Ganamurali Nila, Ravikumar Alexander, Saravanan Sandhya, Sabarathinam Sarvesh
Abstract
Ischemic stroke remains a leading cause of global mortality and long-term disability, driven largely by oxidative stress, mitochondrial dysfunction, and inflammatory cascades. DJ-1 (PARK7), a redox-sensitive protein originally implicated in Parkinson's disease, has emerged as a critical neuroprotective regulator in cerebral ischemia. Oxidation of its cysteine-106 residue enables DJ-1 to stabilize mitochondrial function, suppress reactive oxygen species, and activate Nrf2-dependent antioxidant defenses.
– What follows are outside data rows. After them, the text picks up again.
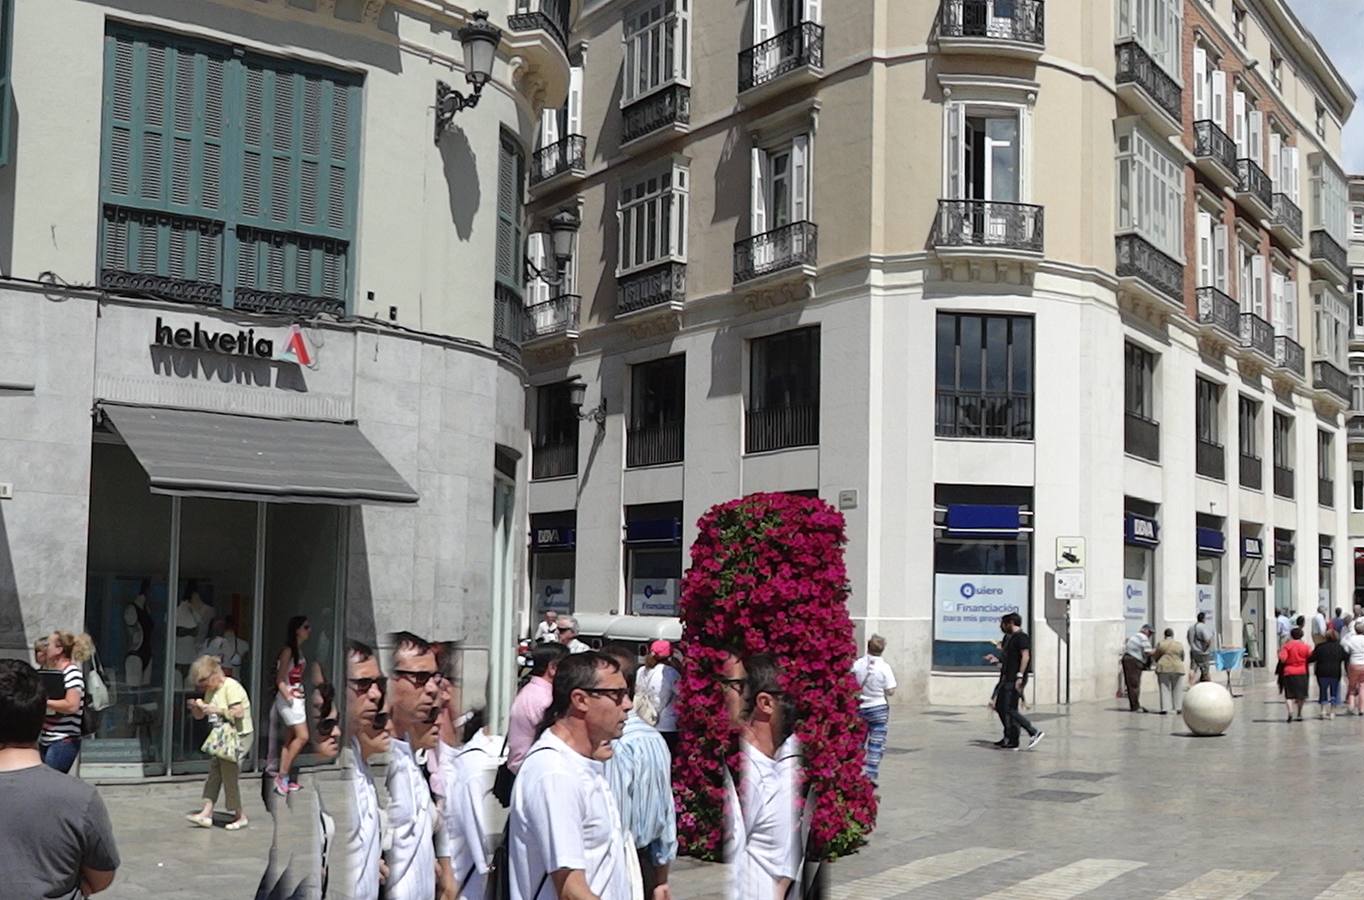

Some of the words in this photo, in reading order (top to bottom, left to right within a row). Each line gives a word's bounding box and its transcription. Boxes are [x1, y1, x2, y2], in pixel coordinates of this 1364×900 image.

[155, 316, 274, 358] helvetia
[960, 582, 1004, 599] Quiero
[956, 602, 1019, 613] Financiación
[943, 615, 962, 623] para
[963, 614, 978, 622] mis
DJ-1 deficiency markedly exacerbates infarct size and neuronal vulnerability, whereas its activation confers robust neuroprotection. This review highlights DJ-1 as a promising redox-responsive therapeutic target for limiting ischemic brain injury.
Key Findings
- DJ-1 (PARK7) is a redox-sensitive protein that plays a critical neuroprotective role in ischemic stroke by stabilizing mitochondrial function and suppressing reactive oxygen species.
- Oxidation of cysteine-106 on DJ-1 activates Nrf2-dependent antioxidant defenses.
- DJ-1 deficiency increases infarct size and neuronal vulnerability, while activation of DJ-1 confers neuroprotection.
Clinical Significance
Targeting DJ-1 to enhance its redox-responsive functions represents a promising therapeutic strategy to reduce oxidative damage and improve outcomes in patients suffering from ischemic stroke.
Citation
Ganamurali Nila, Ravikumar Alexander, Saravanan Sandhyaet al.. Redox Regulation and Mitochondrial Neuroprotection in Ischemic Stroke: The Emerging Role of DJ-1 (PARK7). Comprehensive Physiology. 2026-Jun.